On commence 

8 minutes de lecture

6 mars 2024.

C’est marrant, cette date me fait penser à toi. Je dis ça, alors qu’en réalité, presque toutes les dates me ramènent à toi.

Il m’arrive souvent de me demander si notre histoire a vraiment existé… ou si, avec les années, je n’ai pas tout simplement idéalisé les moments qu’on a vécus.

Tu dois sûrement te demander pourquoi je t’écris. Laisse-moi t’expliquer : j’ai juste besoin de vider ma tête. De poser les mots. De t’expliquer, du mieux que je peux, ce que j’ai ressenti ou plutôt, ce qui s’est passé dans ma tête.

Je ne suis pas certain que tu comprendras tout, et je ne sais même pas si tu liras un jour ces lignes… Mais au moins, moi, j’aurai dit ce que j’avais sur le cœur.

Rassure-toi, tu es du bon côté de l’histoire. J’ai très peu de choses à te reprocher. C’est de moi que vient la faute. Je me le permets enfin. Je l’assume, après tant d’années.

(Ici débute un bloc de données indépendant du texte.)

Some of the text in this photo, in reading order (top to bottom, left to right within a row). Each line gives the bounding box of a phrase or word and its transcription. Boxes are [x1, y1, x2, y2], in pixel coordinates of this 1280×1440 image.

Combien d’années d’ailleurs ? Au moins dix.

Dix ans, putain… Et on ne s’est même pas recroisés une seule fois, alors qu’on vit dans la même ville enfin, d’après ce que j’ai entendu.

Je dis “d’après”, parce que c’est la seule façon que j’ai d’avoir de tes nouvelles aujourd’hui.

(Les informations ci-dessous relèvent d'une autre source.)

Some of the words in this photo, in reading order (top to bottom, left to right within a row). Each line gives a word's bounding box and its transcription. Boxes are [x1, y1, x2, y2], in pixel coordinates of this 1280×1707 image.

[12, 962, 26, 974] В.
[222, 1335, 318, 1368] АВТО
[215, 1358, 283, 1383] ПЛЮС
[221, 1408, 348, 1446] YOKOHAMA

Mais ne va pas croire que je passe mes journées à penser à toi.

C’est juste que… ouais, je l’avoue : parfois, je suis nostalgique.

De ce qu’on a vécu.

De l’époque où tout allait bien, avant que je ne foute tout en l’air.

Mais à ma décharge, on n’était que des gosses. On avait quoi, 15 ans ?

Quand j’y repense, c’est fou : je ne me rappelle plus de ton visage. Juste de ta voix.

Et de ce que je ressentais pour toi.

Il m’arrive aussi, parfois, de me demander si toi aussi tu penses à moi.

Si je t’ai marqué d’une quelconque manière.

Ou si je ne suis, au fond, qu’un simple souvenir même pas douloureux.

Je t’avoue aussi qu’il m’arrive de m’imaginer des choses.

Comme par exemple… que tu es avec quelqu’un aujourd’hui, mais que tu ne l’aimes pas vraiment.

Que c’est moi, ton véritable amour. Que malgré les années, malgré tout, il y avait quelque chose d’unique entre nous.

Quelque chose qu’aucune barrière, aussi solide soit-elle, n’aurait pu complètement effacer.

Oui, je sais, c’est égoïste. Extrêmement égoïste.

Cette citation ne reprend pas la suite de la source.